Robert Schumann, 1810 - 1856
Robert Schumann's Kreisleriana.
I love so much of Schumann's music. The only things that give me pause are his violin concerto, his piano sonatas (a bit formless...hard to grasp ahold), and his Kreisleriana.
I have the Murray Perahia CD of Kreisleriana. It is based on E.T.A. Hoffmann's eponymous stories from his book Phantasiestücke in Callots Manier (Fantasy Pieces in the Style of Callot), published in 1814. I like Hoffmann. But whenever I listen to that CD, my mind soon begins wandering. This will not do. This must change. I must figure out what the hell is wrong with me and set it to rights. It makes no sense that a Hoffmannesque Schumann piece would cause my head to float off in a state of drowsy incomprehension.
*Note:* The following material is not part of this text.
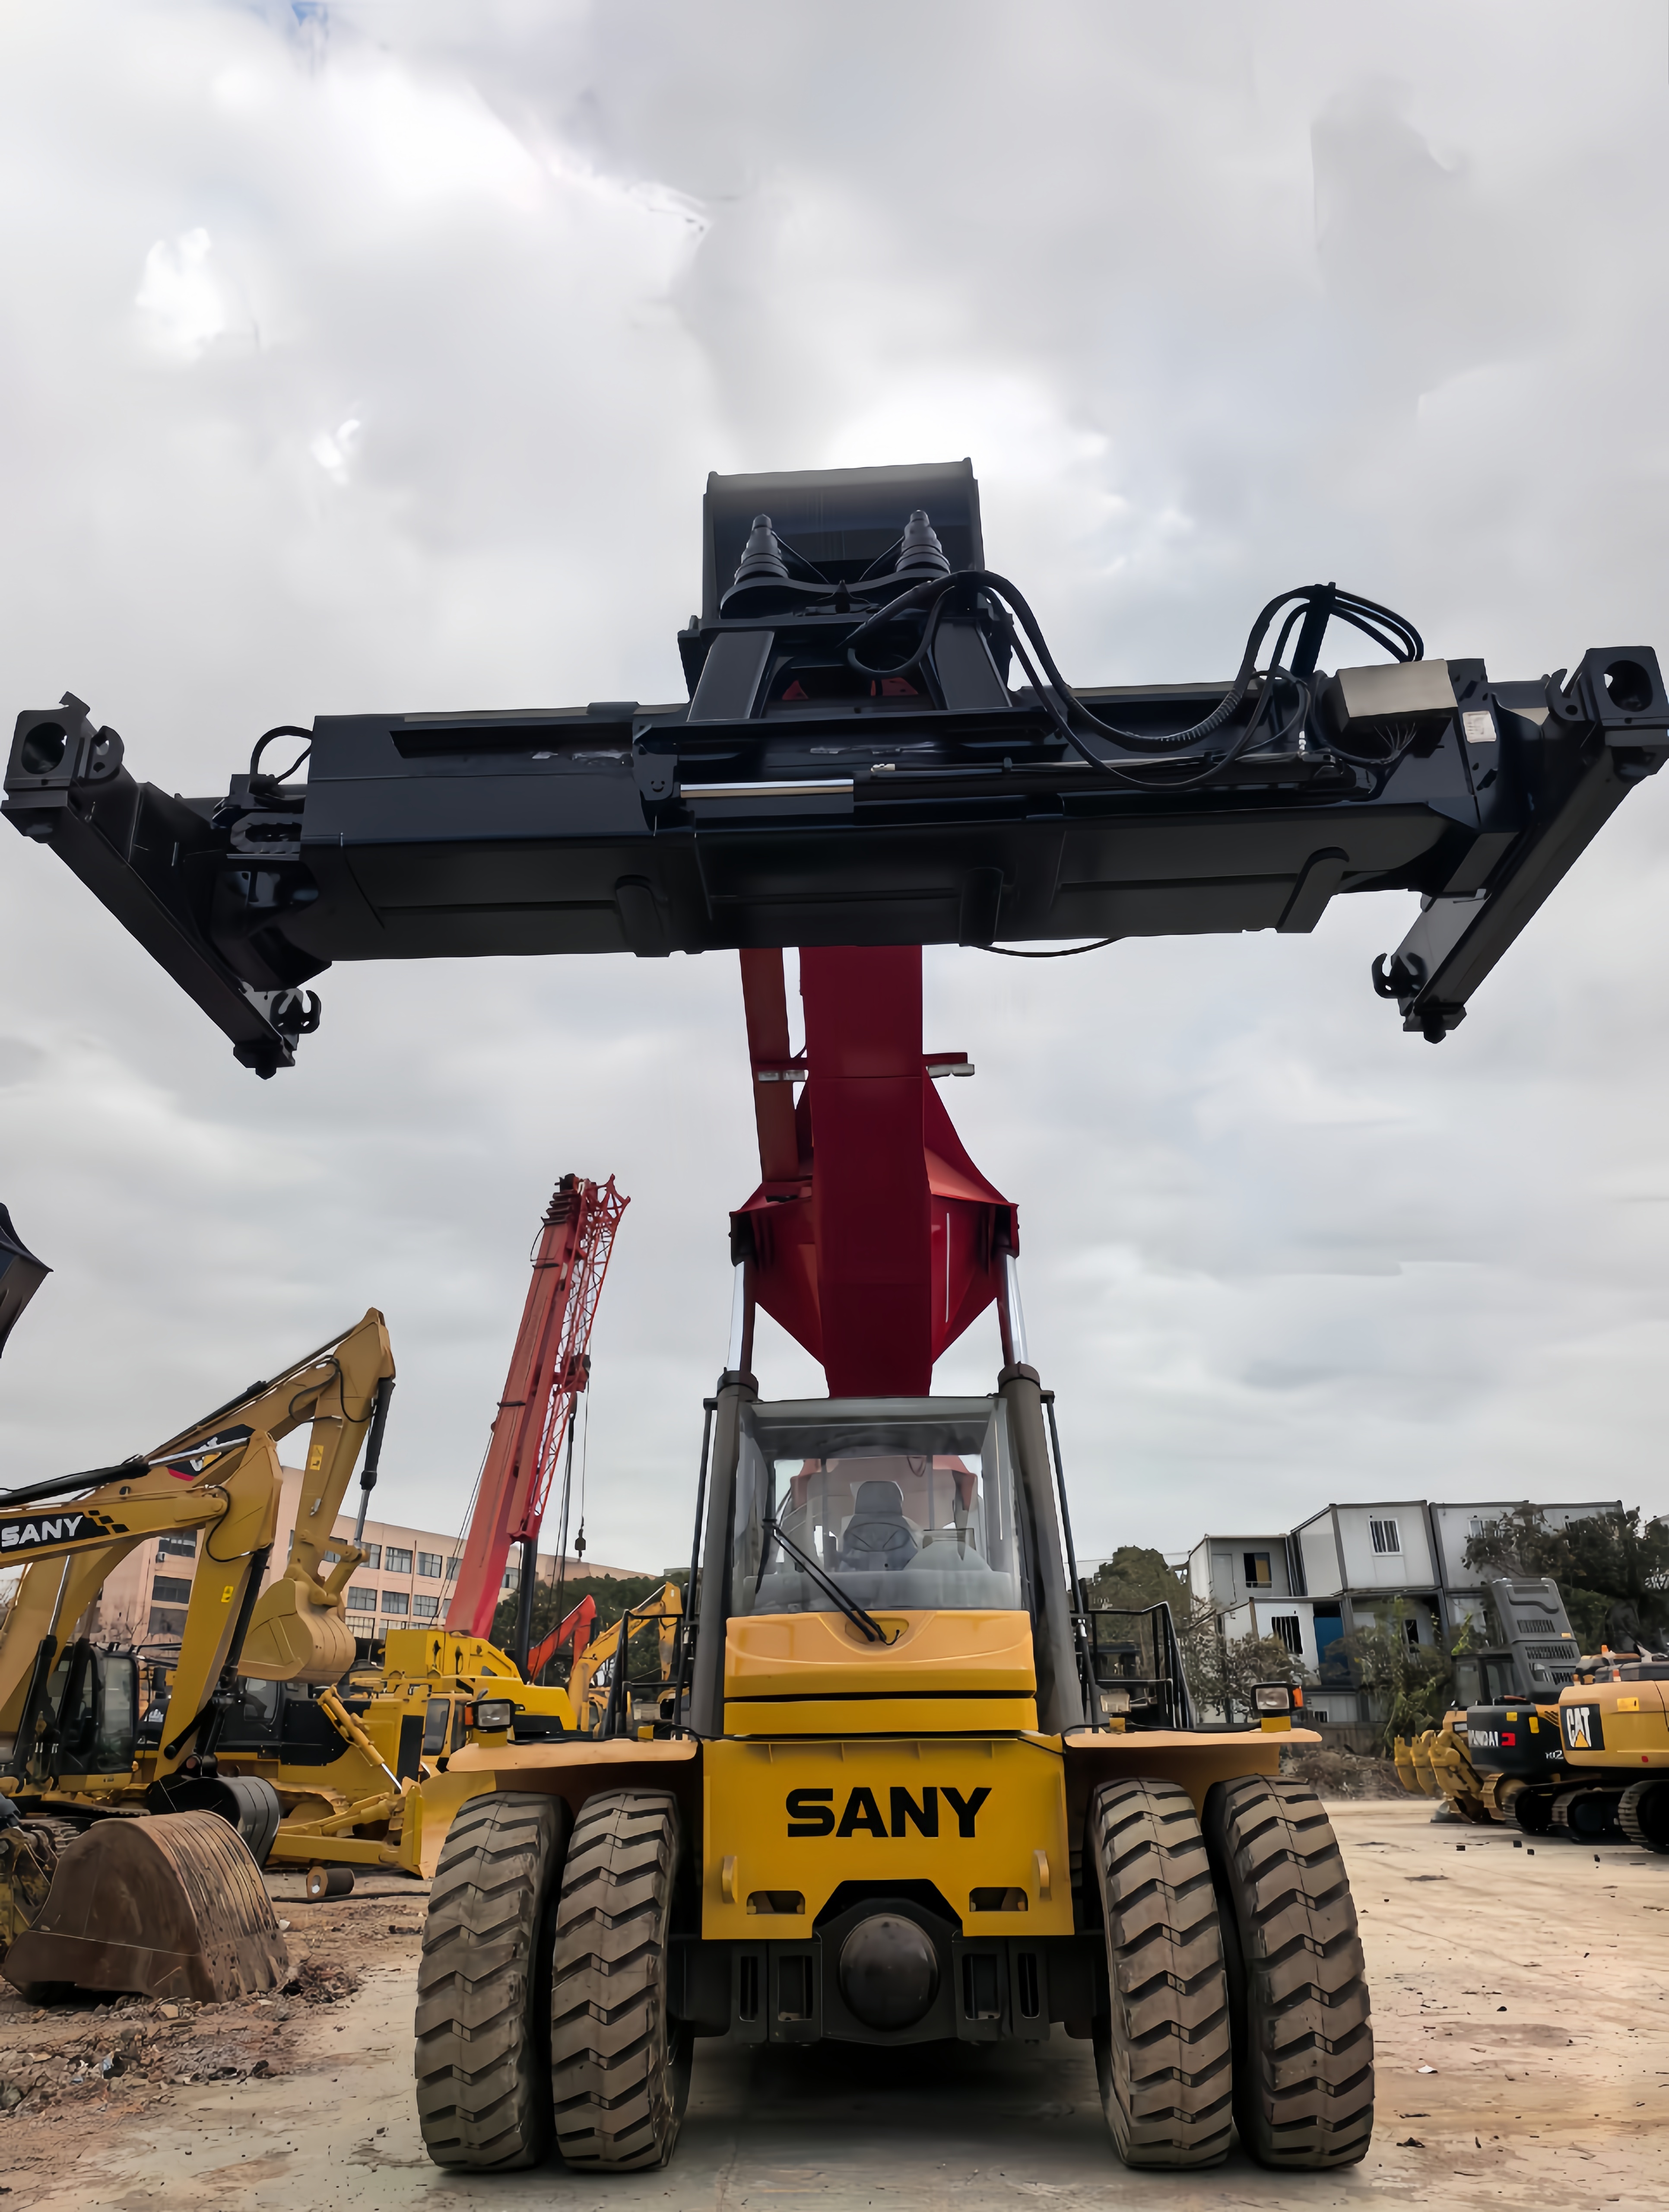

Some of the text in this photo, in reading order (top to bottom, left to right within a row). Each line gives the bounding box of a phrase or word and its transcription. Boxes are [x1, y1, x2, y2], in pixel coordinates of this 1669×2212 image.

[1, 1515, 83, 1547] SANY
[1566, 1707, 1592, 1748] CAT
[786, 1786, 992, 1838] SANY
Okay. I'm putting the CD in now. I'm going to listen again. I'm going to subdue this sucker. Make it a part of my soul's texture. The way his symphonies, piano concerto, cello concerto, his Carnaval are such a part of me.
* * *
Now. All right. I listened to it. Hmm. Give me a few moments to collect my thoughts......................................
Okay. This time, I read the "program" in the booklet before listening. I tried to pay good attention to the Hoffmann references revealed in the notes. I wanted the background stuff to be given its due respect and regard.
But as I listened, a new way of listening opened up to me. The Hoffmann story references -- which had caused me trouble in earlier sessions -- began to fade from prominence. It came to me that this composition is less about Hoffmann and his Kreisler creation and more about Schumann himself. This is music from a soul who is very sensitive to musical beauties and its transformative power...to how it can complement so well the way things feel and the way things change. Both flight and abyss...transience and equivocal stasis. It's about coming in and out of light, in and out of darkness. This is music about Schumann and music about music.
Yes, Kreisler the Kappelmeister is also obsessed with and swept away by music. But his eight psychological "adventures" are mere springboards for a Schumannesque adventure. Much less, I think now, about being grist for musical illustration. This piece, in its unfolding and as a whole, is also about how strange it felt to live inside the Romantic era and milieu. It's about how forms of feeling moved in new shapes and onto shadowed surfaces of imagination and emotion, both of which shaded off toward infinite horizons. Schumann merely "breathed in" the spirit of Kreisler as a primer to stimulate his own, similar spirit. At the keyboard, Schumann exhaled this mutuality of complex consciousness: variously mecurial and melancholy.
So...instead of me trying to listen to and process this work as an aural description, I now experience it as a definite overlay of Schumann onto the vague spiritual shenanigans of Kreisler. That fictional Kappelmeister is not an analog to the music; rather, he represents a formal contour around which Schumann traces his own aesthetic, dreamlike trajectory.
Yet true to Hoffmann, there are moments when an opening onto eeriness occurs. The eeriness of a macabre story element maybe or the eeirness of living per se, which sometimes moves across the octaves of each of our souls.
* * *
Perahia's playing on the CD is dynamic, beautiful, perfect.